== Source records ==
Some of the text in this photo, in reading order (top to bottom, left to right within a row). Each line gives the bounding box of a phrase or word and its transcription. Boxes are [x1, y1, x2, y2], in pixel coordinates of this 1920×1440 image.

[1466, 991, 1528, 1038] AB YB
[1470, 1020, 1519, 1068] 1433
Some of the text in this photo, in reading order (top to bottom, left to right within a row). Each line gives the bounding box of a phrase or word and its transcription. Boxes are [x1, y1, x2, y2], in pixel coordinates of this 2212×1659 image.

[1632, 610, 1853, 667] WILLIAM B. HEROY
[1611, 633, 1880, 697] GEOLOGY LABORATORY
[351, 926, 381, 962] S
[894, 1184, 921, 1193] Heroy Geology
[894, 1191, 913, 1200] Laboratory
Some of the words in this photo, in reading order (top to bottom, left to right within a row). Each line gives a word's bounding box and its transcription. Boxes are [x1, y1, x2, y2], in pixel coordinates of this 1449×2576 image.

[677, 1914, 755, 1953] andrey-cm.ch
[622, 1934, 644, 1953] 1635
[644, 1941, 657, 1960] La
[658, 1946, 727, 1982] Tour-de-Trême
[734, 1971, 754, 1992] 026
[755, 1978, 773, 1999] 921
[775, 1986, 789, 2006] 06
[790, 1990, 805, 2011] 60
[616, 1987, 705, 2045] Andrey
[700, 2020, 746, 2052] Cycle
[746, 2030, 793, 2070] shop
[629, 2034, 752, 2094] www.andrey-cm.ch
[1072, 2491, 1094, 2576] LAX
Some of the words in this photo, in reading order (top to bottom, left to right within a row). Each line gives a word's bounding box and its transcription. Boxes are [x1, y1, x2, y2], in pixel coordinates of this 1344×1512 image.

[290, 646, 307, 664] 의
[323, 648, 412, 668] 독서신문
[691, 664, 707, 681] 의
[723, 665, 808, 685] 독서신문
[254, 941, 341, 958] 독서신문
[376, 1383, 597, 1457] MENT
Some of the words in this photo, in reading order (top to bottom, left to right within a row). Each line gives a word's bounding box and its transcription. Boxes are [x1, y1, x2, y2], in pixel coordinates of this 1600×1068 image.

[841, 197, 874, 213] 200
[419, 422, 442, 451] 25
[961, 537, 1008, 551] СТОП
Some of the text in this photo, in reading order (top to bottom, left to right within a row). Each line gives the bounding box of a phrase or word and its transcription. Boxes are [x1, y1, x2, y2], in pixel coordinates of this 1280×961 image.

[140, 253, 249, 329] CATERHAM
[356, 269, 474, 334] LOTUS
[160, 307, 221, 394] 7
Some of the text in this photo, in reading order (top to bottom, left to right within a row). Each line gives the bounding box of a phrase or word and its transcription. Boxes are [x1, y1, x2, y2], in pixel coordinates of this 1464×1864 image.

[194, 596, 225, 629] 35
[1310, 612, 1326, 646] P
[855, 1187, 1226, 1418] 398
===
▶ [Task description]: In the records above, find the line containing "this 1280×961 image."; please retype it and every line after it through the last line, exactly and with nothing else.

▶ [Expected answer]:
Some of the text in this photo, in reading order (top to bottom, left to right within a row). Each line gives the bounding box of a phrase or word and its transcription. Boxes are [x1, y1, x2, y2], in pixel coordinates of this 1280×961 image.

[140, 253, 249, 329] CATERHAM
[356, 269, 474, 334] LOTUS
[160, 307, 221, 394] 7
Some of the text in this photo, in reading order (top to bottom, left to right within a row). Each line gives the bounding box of a phrase or word and its transcription. Boxes are [x1, y1, x2, y2], in pixel coordinates of this 1464×1864 image.

[194, 596, 225, 629] 35
[1310, 612, 1326, 646] P
[855, 1187, 1226, 1418] 398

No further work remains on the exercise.